Data under study:
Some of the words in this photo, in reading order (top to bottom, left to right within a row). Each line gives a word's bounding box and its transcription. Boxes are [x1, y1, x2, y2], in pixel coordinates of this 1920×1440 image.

==

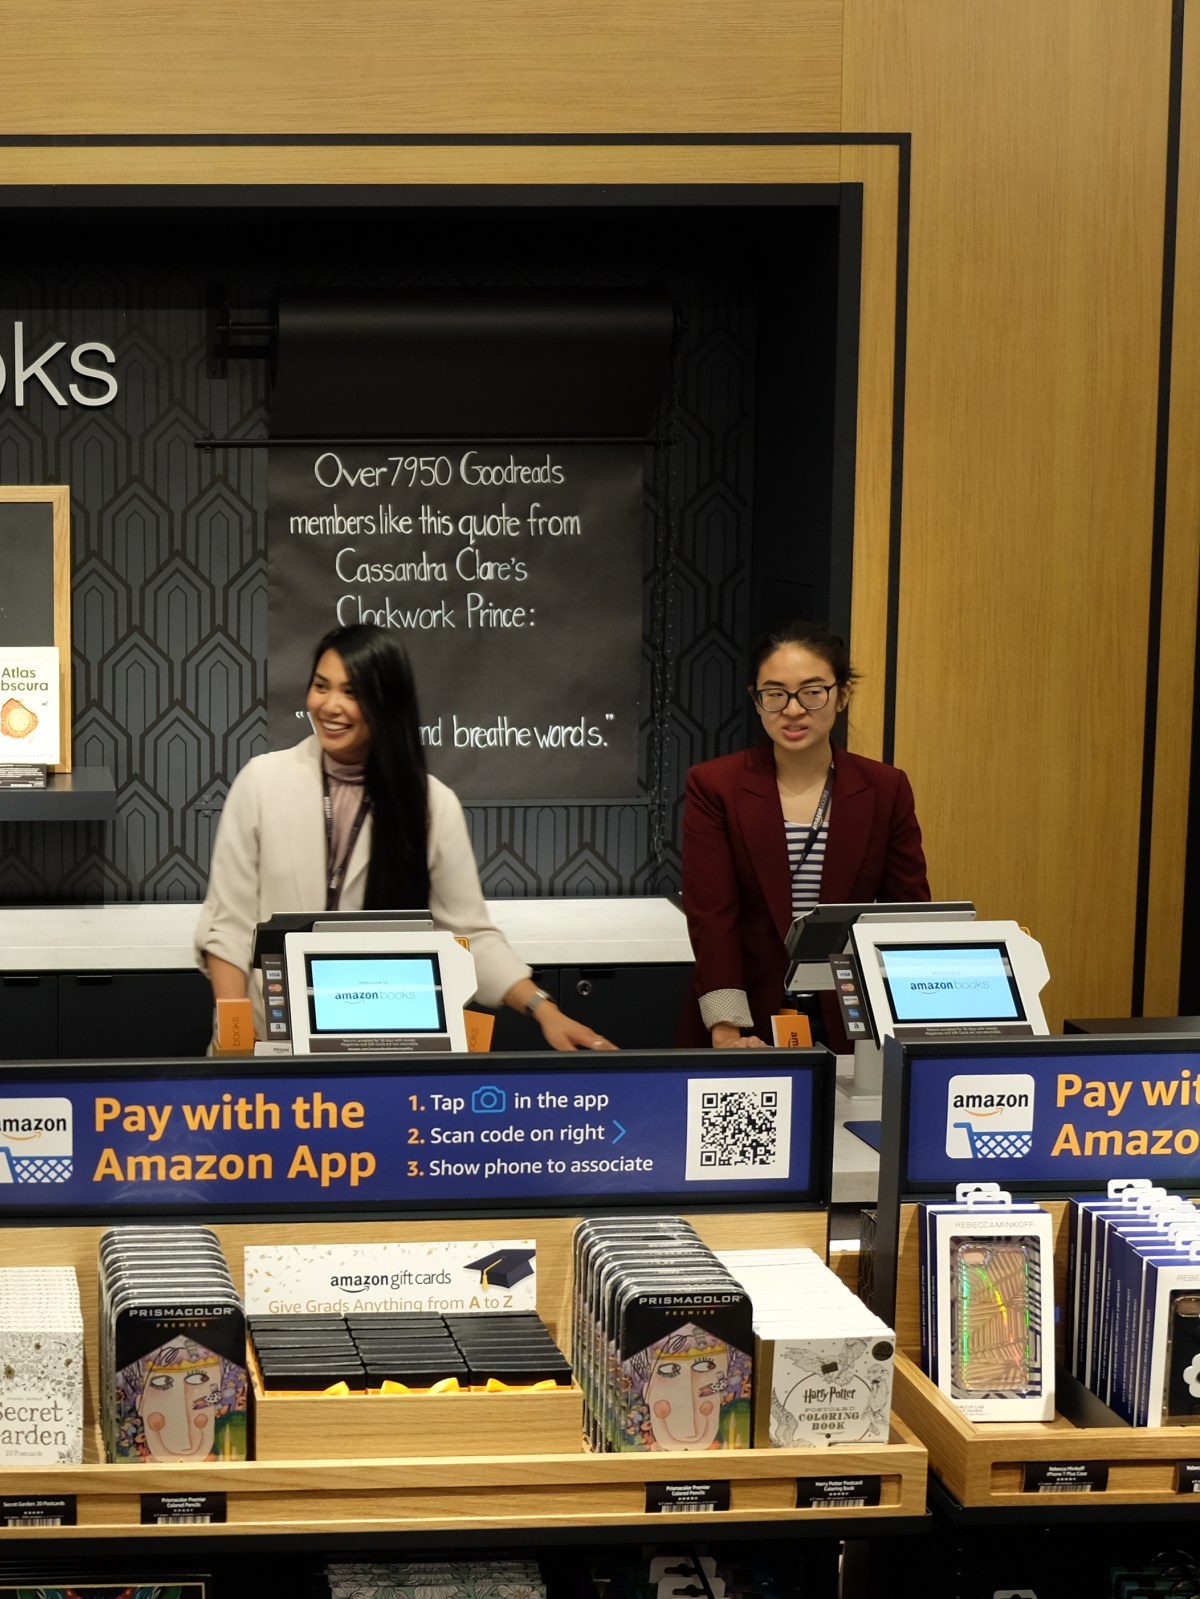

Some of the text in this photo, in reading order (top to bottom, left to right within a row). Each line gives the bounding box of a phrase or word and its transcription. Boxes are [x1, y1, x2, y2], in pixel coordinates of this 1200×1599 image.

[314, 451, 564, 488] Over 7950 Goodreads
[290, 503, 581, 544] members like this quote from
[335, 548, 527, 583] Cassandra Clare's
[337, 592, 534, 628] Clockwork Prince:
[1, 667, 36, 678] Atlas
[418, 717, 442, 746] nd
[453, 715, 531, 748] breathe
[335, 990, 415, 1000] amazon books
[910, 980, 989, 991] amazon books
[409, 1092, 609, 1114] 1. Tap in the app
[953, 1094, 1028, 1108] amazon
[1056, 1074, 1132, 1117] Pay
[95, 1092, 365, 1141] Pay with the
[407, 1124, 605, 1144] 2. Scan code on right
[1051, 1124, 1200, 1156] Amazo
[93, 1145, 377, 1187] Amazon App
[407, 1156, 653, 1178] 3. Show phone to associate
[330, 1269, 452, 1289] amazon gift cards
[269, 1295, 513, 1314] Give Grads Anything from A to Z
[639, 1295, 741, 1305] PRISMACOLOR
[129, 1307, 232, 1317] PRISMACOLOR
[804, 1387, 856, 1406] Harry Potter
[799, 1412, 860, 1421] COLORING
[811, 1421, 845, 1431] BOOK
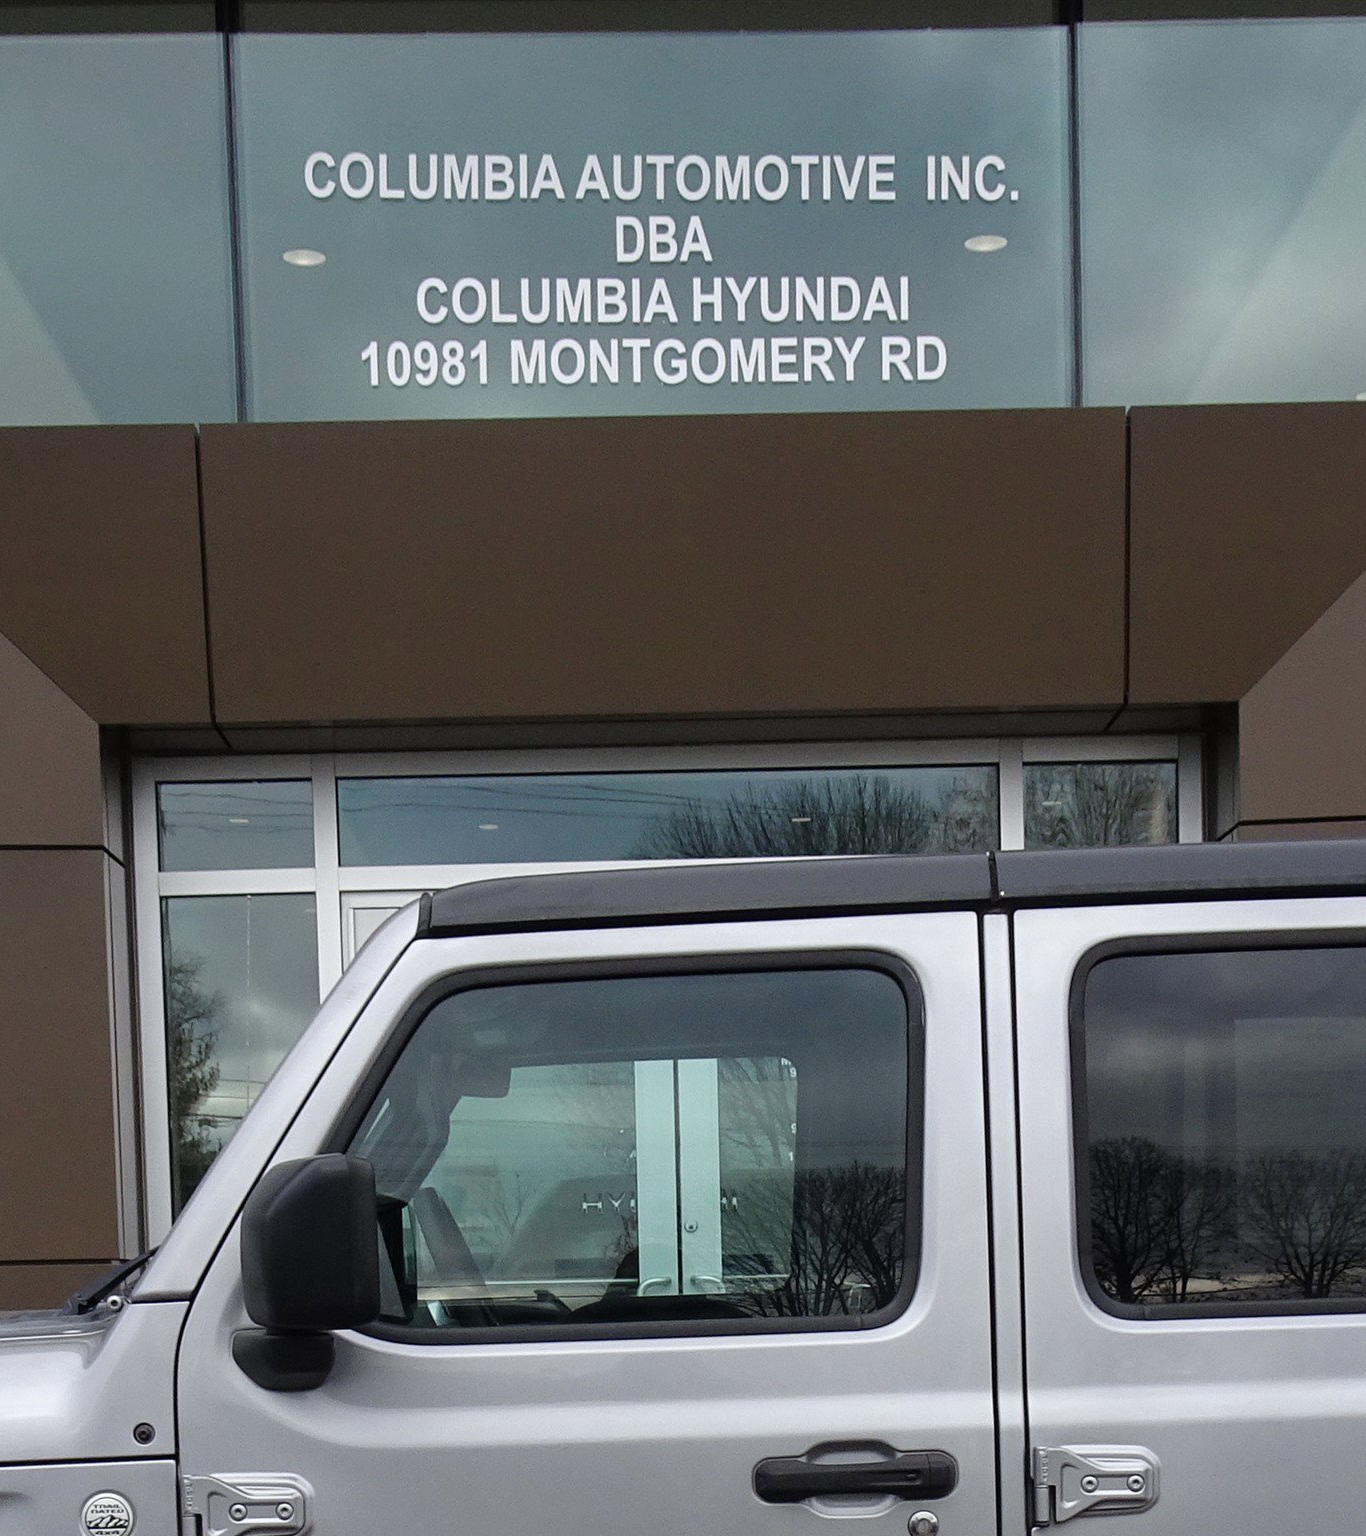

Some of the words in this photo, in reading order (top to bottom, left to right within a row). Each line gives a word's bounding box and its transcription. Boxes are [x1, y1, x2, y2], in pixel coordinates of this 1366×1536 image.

Exercise description:
When "words" shows up in a line of the material, report that line.

Worked solution:
Some of the words in this photo, in reading order (top to bottom, left to right within a row). Each line gives a word's bounding box and its transcription. Boxes are [x1, y1, x2, y2], in pixel coordinates of this 1920×1440 image.
Some of the words in this photo, in reading order (top to bottom, left to right within a row). Each line gives a word's bounding box and its transcription. Boxes are [x1, y1, x2, y2], in pixel coordinates of this 1366×1536 image.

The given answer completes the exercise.